Put your thinking cap on; I’m getting meta up in here.  If I make a choice on the basis that something I believe happened sometime in the past, that event is just real as all of the things that actually occurred.  One’s understanding of reality doesn’t require every part, or even any part, of that understanding to have existed in time and space.  My acceptance of fiction as reality creates a reality within that fiction.
Let’s take a step back.  Children are the best example I can think of to illustrate this cognitive whirlwind.  Kids understand the world as they experience it.  A kid who has grown up in Ecuador and never left her country understands the world as an immensely hot place.  And she’s right.  But another kid who’s never strayed from his home in Greenland would disagree.  It’s freezing out in this world!  And he’s right too.  They both are.  They both know truth as it exists within their realities.  They both live their lives in a way that reflects those truths.  She doesn’t wear a whole lot, while he bundles up to get the mail.  They’re both right.
We’ve seen good in this this, and we’ve seen bad.  Every person who has made a lasting difference on the world has had to exist within a reality that she or he has decided is true.  If Gandhi’s advice was to be the change we want to see, we have to first live in that change.  In Mother Theresa’s reality, no one, not even people bursting with infected puss, should be exempt from love.  It didn’t matter at all to her that most others don’t live in that kind of world; she lived her life in the reality that she saw.  And she was right.
Unfortunately, those with less-than-pure motives also have this world-shaping power.  In the reality of the Crusaders of the eleventh, twelfth, and thirteenth centuries, the cross was a symbol of violence towards those who had not accepted their brand of Christianity.  It didn’t matter at all to them that their religion’s founder preached loving one’s enemies; they lived their lives in their own reality.
Our perceived reality is truth to us.  It molds our lives and becomes our tangible reality.  So what reality do we live in?  And what world will we choose to make a reality?

3 comments:

  1. Yes. My thoughts exactly. Minus Shakespeare. By the way, this is the entire premise of narrative therapy. I should send some articles your way.

    ReplyDelete
  2. Matt, yes, indeedy, you certainly should! Did I do narrative therapy justice in the way I explained everything?

    ReplyDelete
  3. Yeah! The basis for narrative therapy is the concept of social constructionism. It means that we're constantly creating a story about our identity based on information from other people, the environment, and ourselves. Like it our not, other people play a huge role in who I am as a person.
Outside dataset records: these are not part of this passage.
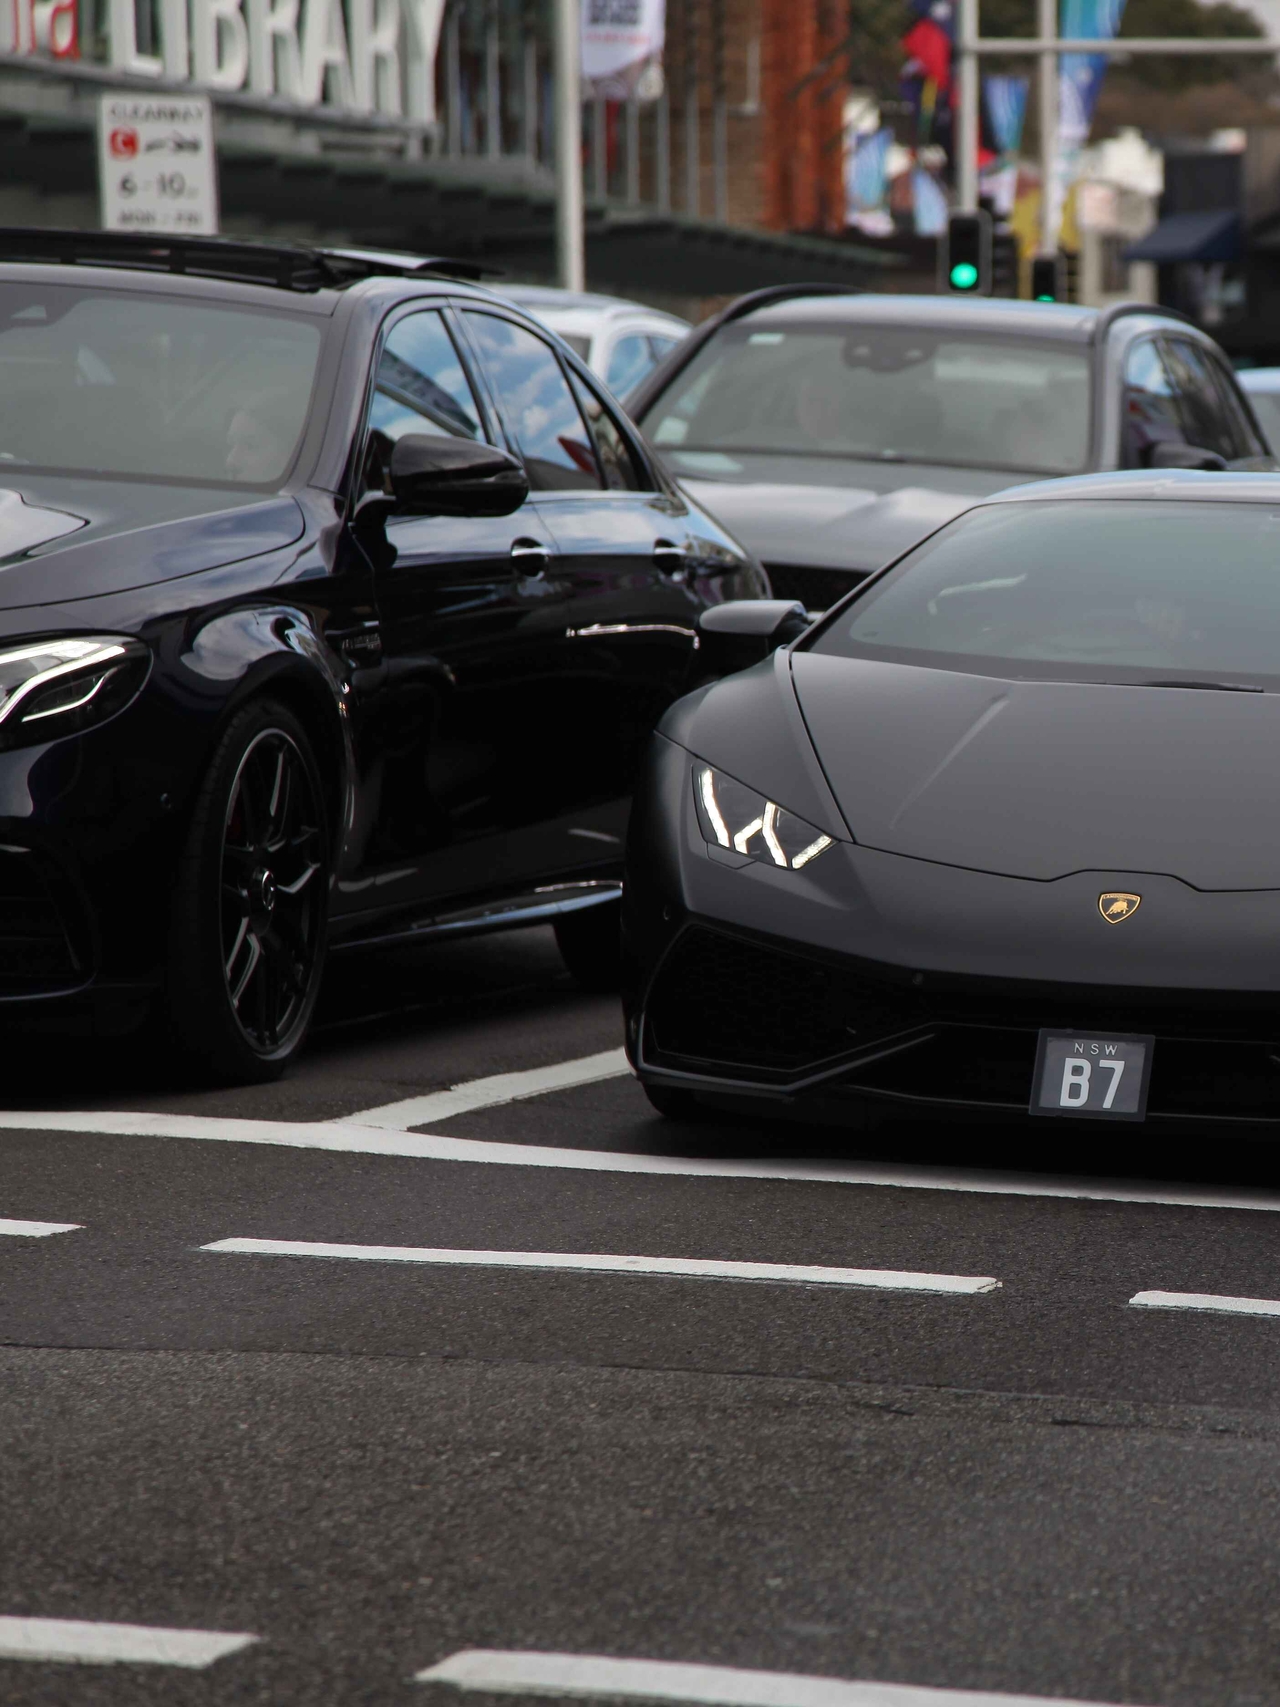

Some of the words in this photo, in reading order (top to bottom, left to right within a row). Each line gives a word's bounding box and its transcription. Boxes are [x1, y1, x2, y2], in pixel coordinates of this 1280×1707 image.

[110, 0, 448, 124] LIBRARY
[109, 102, 204, 121] CLEARWAY
[119, 172, 138, 199] 6
[158, 172, 185, 199] 10
[1074, 1042, 1118, 1056] NSW
[1060, 1057, 1126, 1109] B7
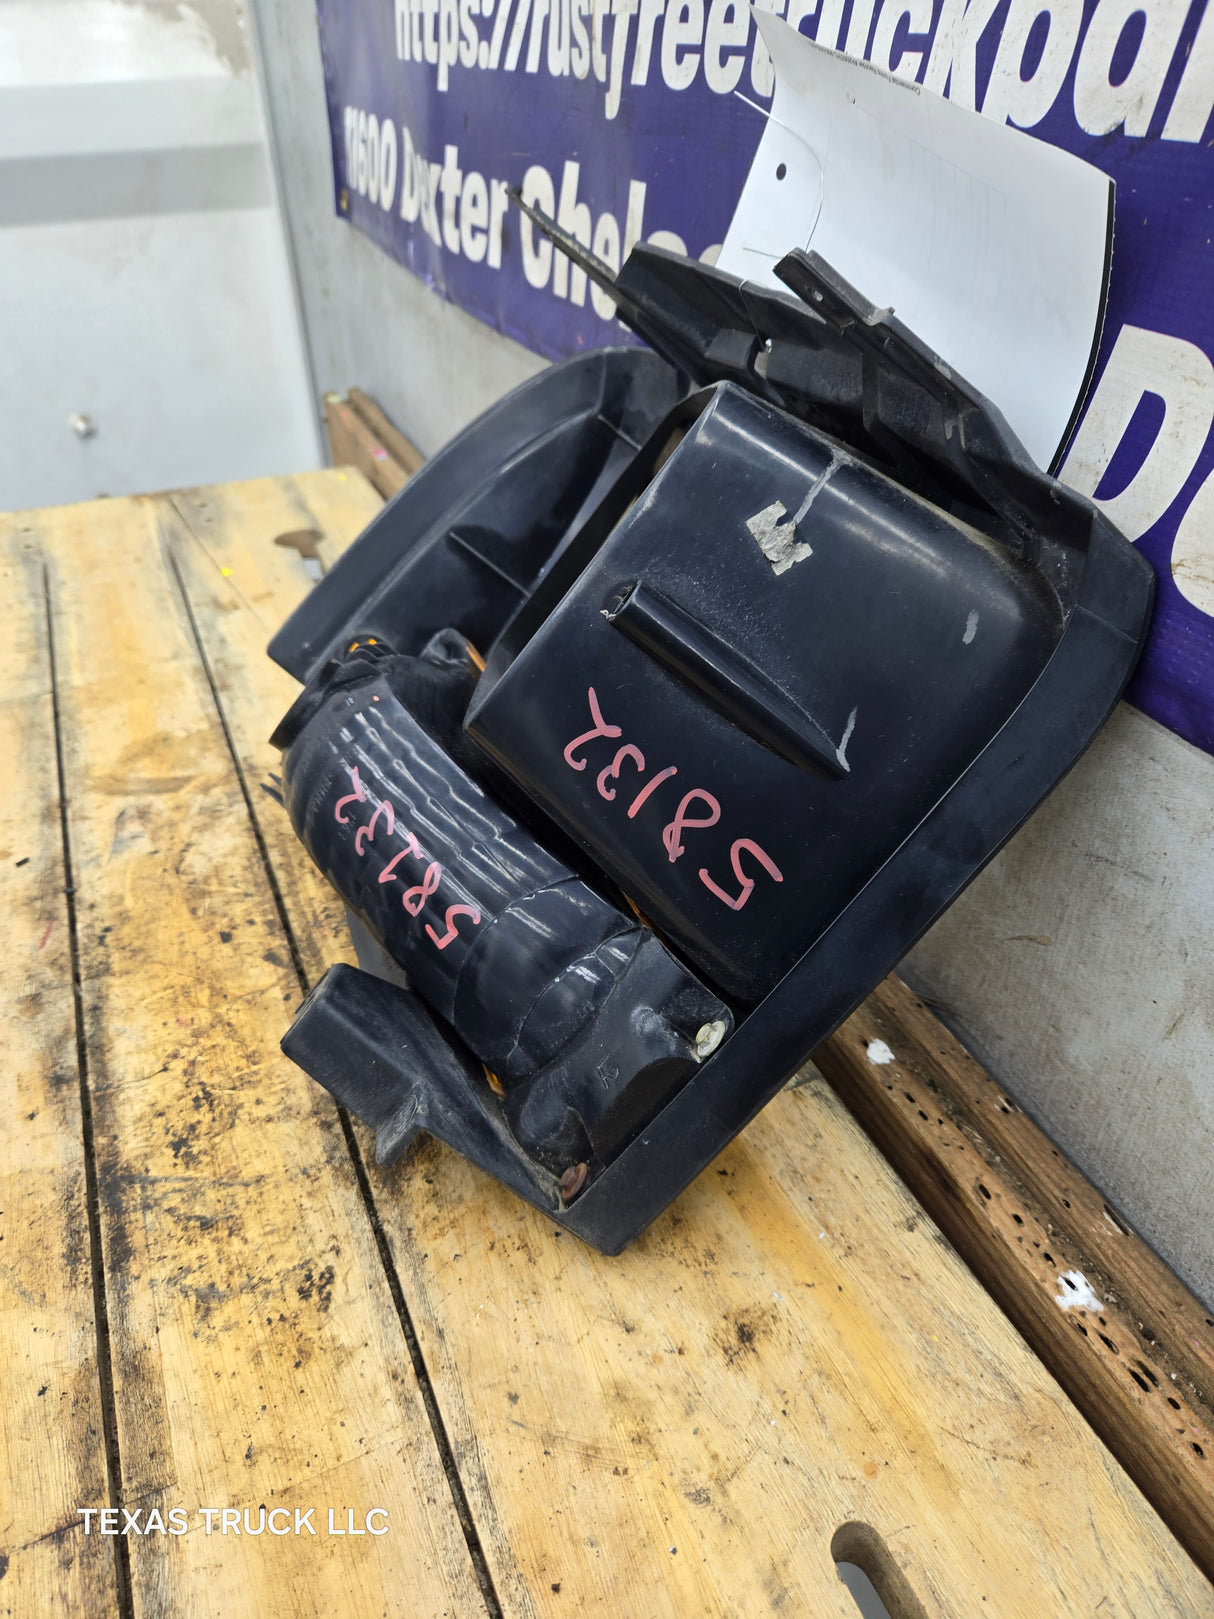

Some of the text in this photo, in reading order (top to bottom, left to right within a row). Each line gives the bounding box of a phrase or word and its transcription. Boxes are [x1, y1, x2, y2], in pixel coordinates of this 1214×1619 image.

[520, 160, 723, 332] Chel
[335, 766, 481, 950] 58132
[563, 686, 784, 910] 58132
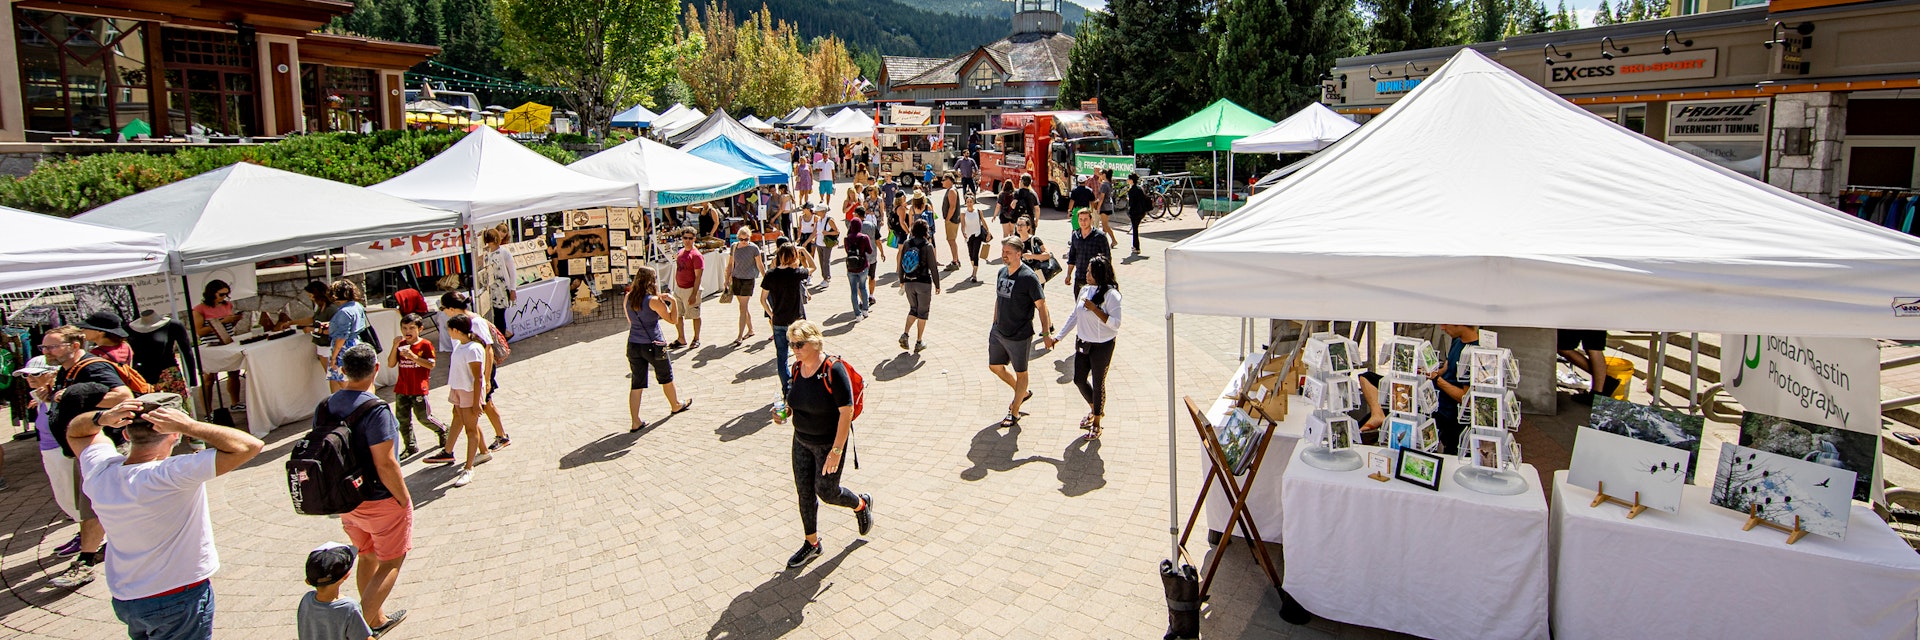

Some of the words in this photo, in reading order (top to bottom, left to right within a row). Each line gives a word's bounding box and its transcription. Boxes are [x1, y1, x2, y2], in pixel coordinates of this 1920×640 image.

[1552, 65, 1615, 82] EXCESS
[1326, 84, 1337, 93] EX
[1376, 80, 1403, 92] ALPINE
[1676, 103, 1760, 118] PROFILE
[1675, 124, 1722, 134] OVERNIGHT
[1725, 123, 1759, 133] TUNING
[1108, 162, 1134, 173] PARKING
[662, 192, 698, 204] Massage
[511, 319, 531, 335] PINE
[534, 309, 561, 327] PRINTS
[1768, 360, 1850, 428] Photography
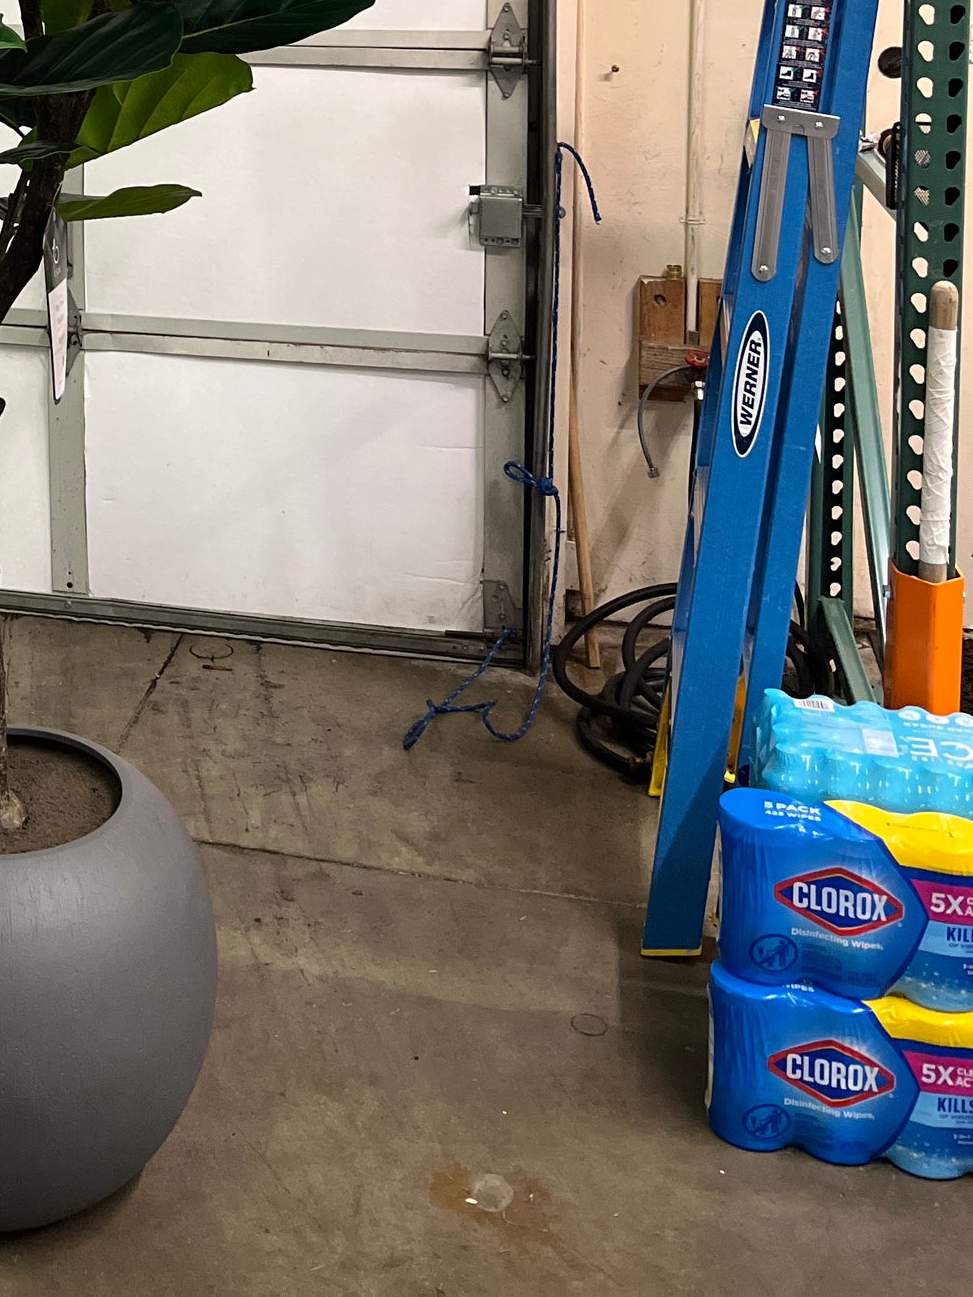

    A good example is my name. I didn't come up with the idea of my name being Matt. I've heard it said over and over and over throughout my life. I reinforce this belief, because I too believe that my name is Matt. However, if everyone in the whole world started telling me that my name is Greg, I'd have a hard time accepting the truth behind my name being Matt.

    That's the kind of stuff I really love.